New York Knicks: Jarrett Jack making most of Tim Hardaway Jr.'s absence
Photo by Maddie Meyer/Getty Images

With Tim Hardaway Jr. indefinitely sidelined, Jarrett Jack has made the most of his time with the New York Knicks.

The New York Knicks are in the midst of a resurgence. A small one, but a resurgence nonetheless. At 14-13, the Knicks currently sit tied with three other teams for the sixth seed. The sky is the limit at this point, which makes the injury to Tim Hardaway Jr. all the more painful.

Hardaway returned to the Knicks for a second stint of duty this past offseason on a four-year, $71 million contract. While drawing initial criticism, solid play on the part of Hardaway has revealed how capable this team is of success. At 17.8 PPG, 4.2 rebounds, and 3.3 assists, the Michigan alum has played the perfect Robin to Kristaps Porzingis’ Batman.

However, Hardaway has spent the entire season batting ankle and leg ailments and, as a result, has not played since the team’s 115-86 victory against the Miami Heat back on Nov. 29. Just over a week ago, it was revealed that Hardaway is suffering from a stress injury in his lower left leg.
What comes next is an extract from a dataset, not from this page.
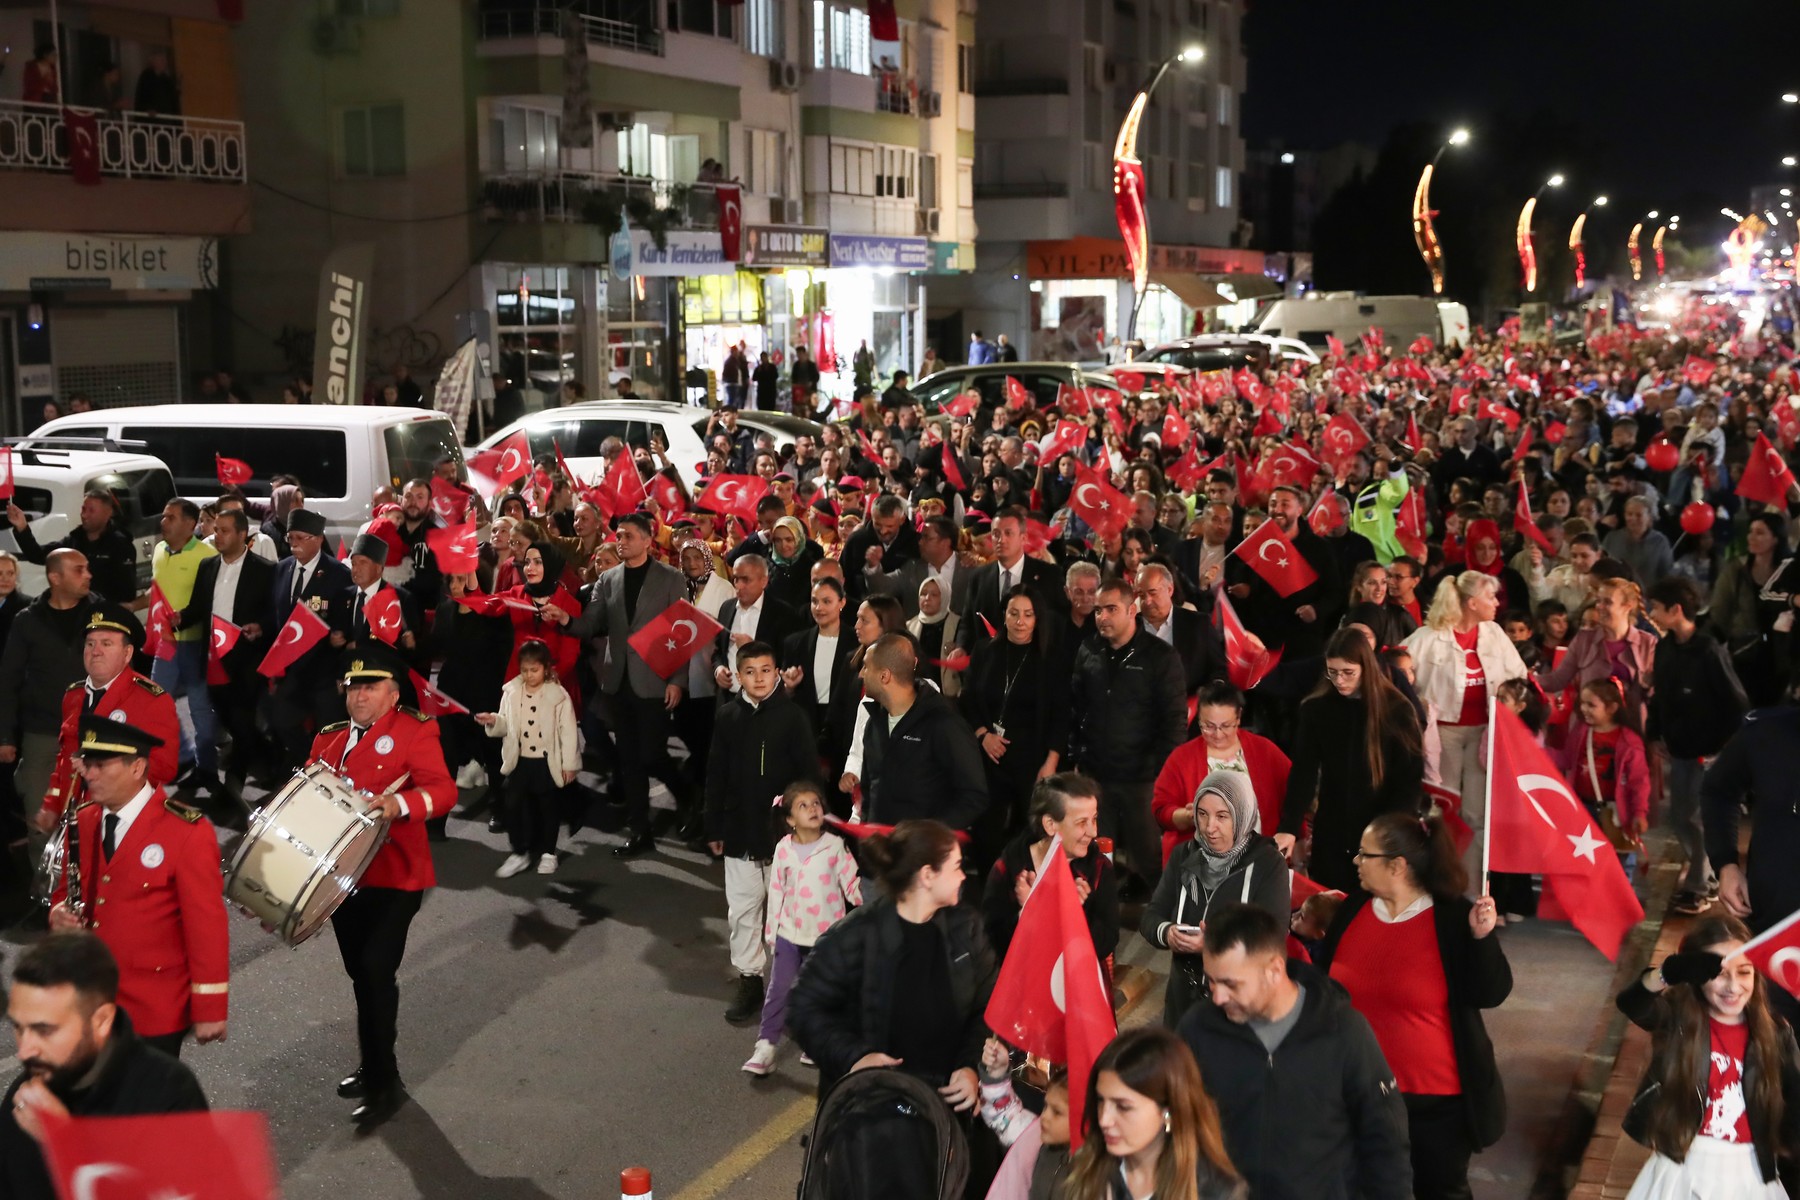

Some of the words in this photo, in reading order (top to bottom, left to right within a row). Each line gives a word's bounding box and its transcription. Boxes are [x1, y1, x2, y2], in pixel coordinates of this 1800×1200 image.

[66, 240, 168, 271] bisiklet
[670, 241, 726, 264] Temizlem
[325, 271, 354, 405] anchi
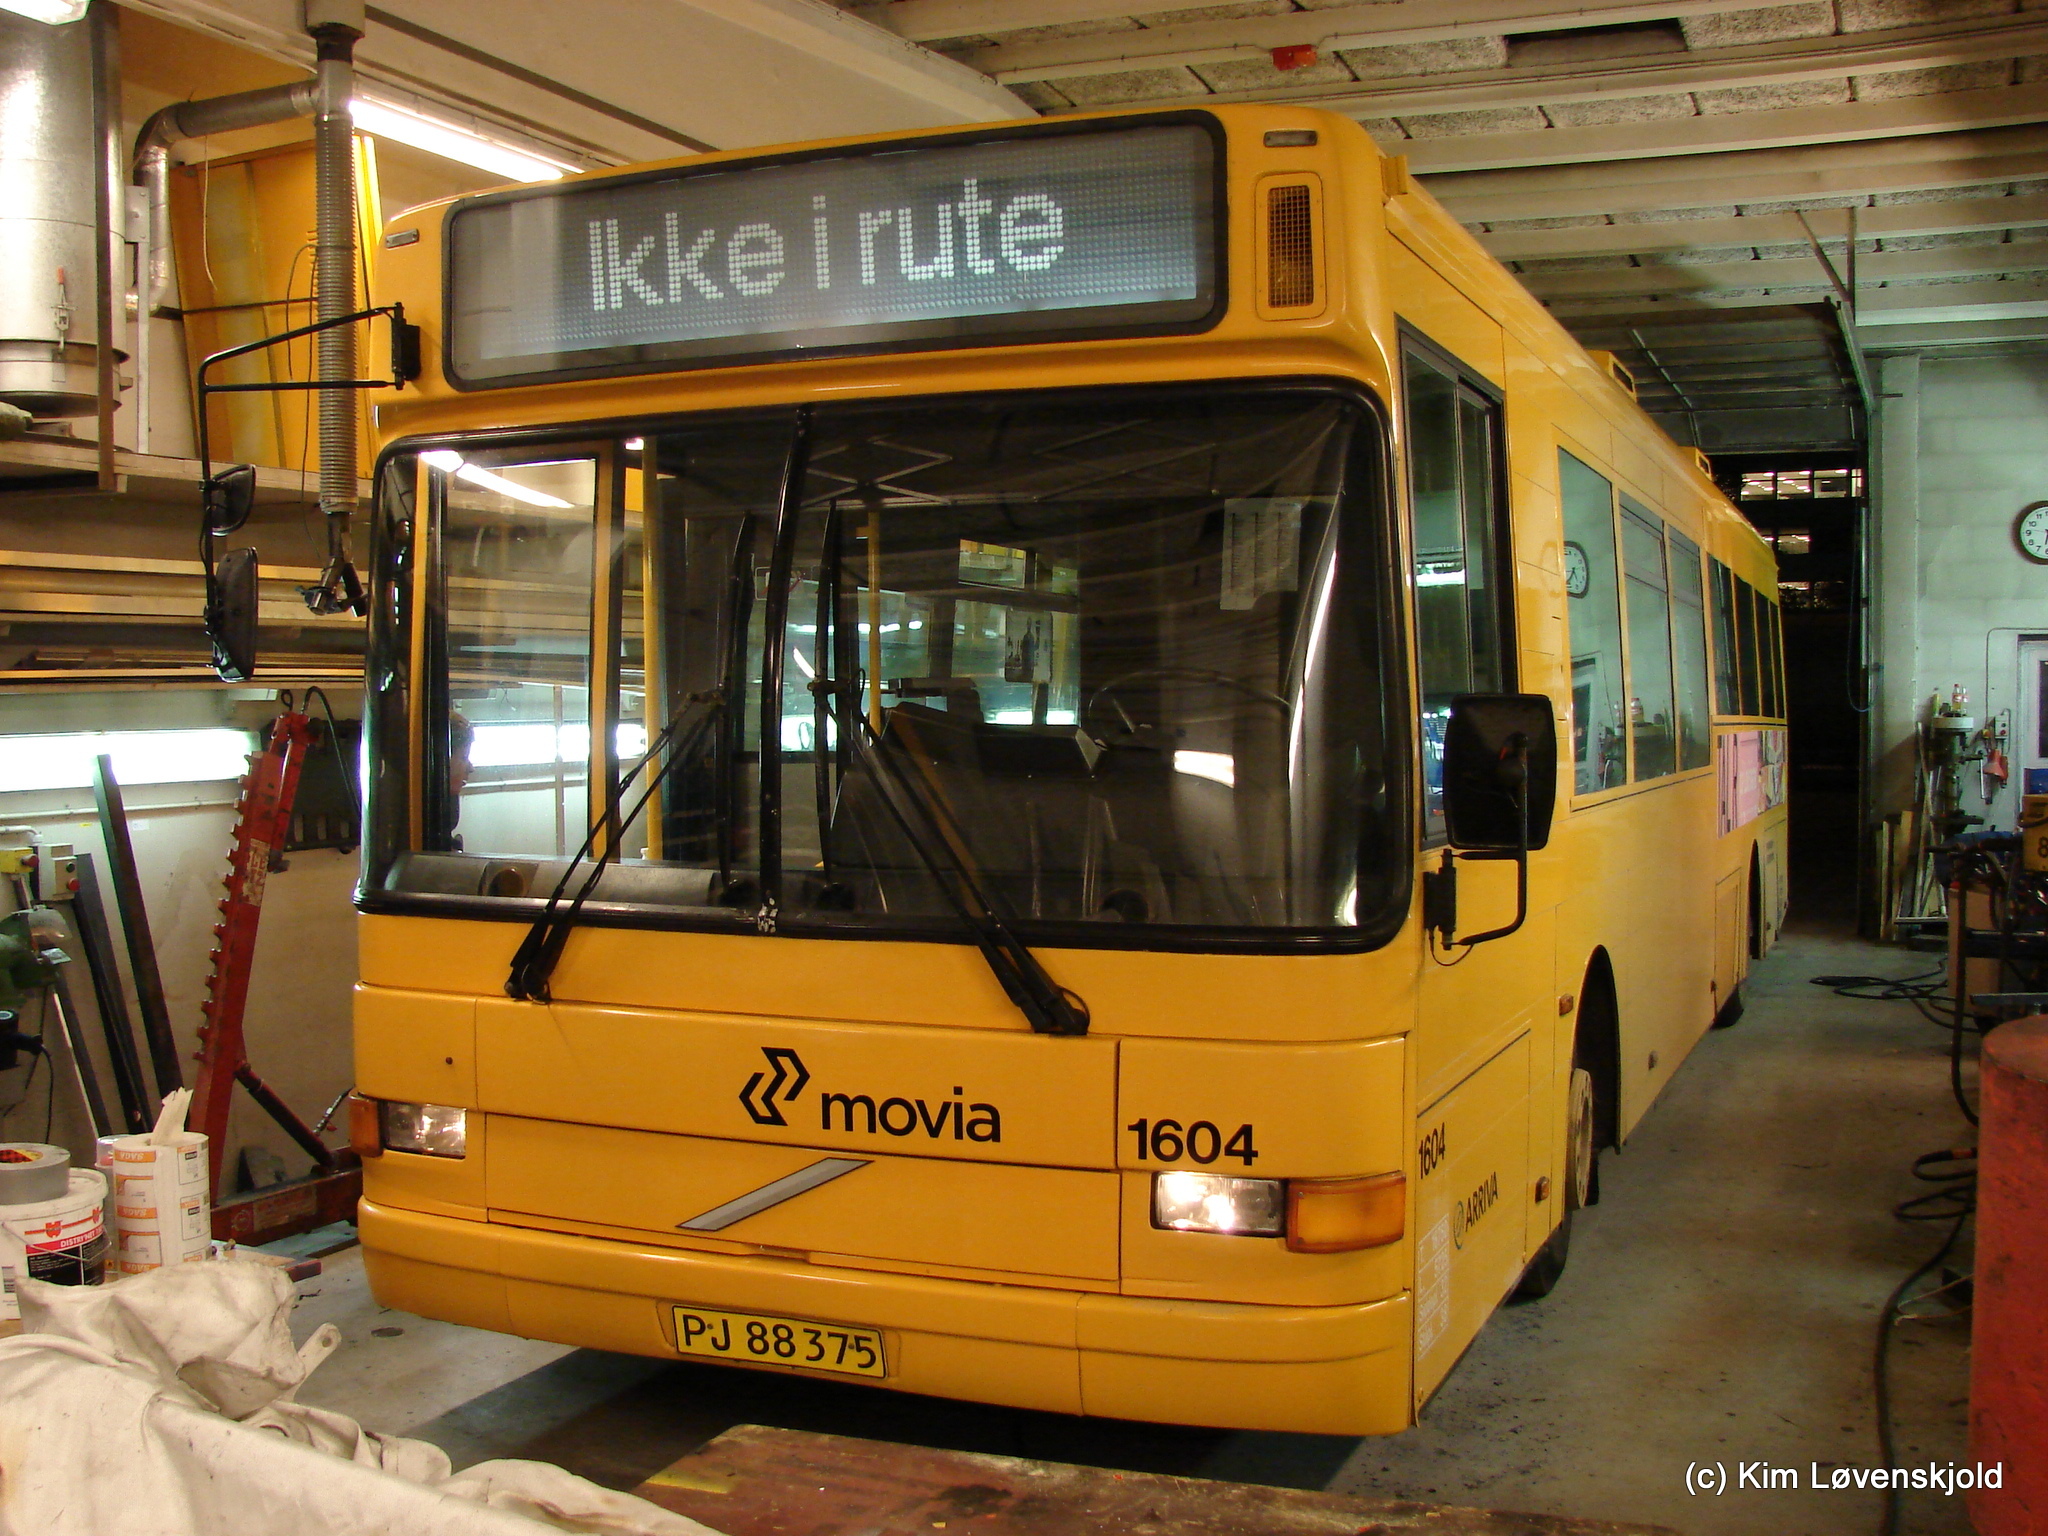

The severity of the injury is unclear. If it is only a stress reaction, then we could potentially see Hardaway back on the floor in around a week. If it is a stress fracture, Hardaway could miss a large chunk of time.

In the face of back-to-back losses following Hardaway’s absence, the Knicks have seemingly rallied around their fallen star and performed at a high level. They’ve won their last two and three of their last four. The injury to Hardaway has afforded other players the opportunity to see increased playing time, and there’s one in particular who has floated above the rest.

Jarrett Jack has certainly been a microcosm of the Knicks’ “next man up” mentality and has been instrumental in keeping this ship afloat, making the best of a great opportunity in the process.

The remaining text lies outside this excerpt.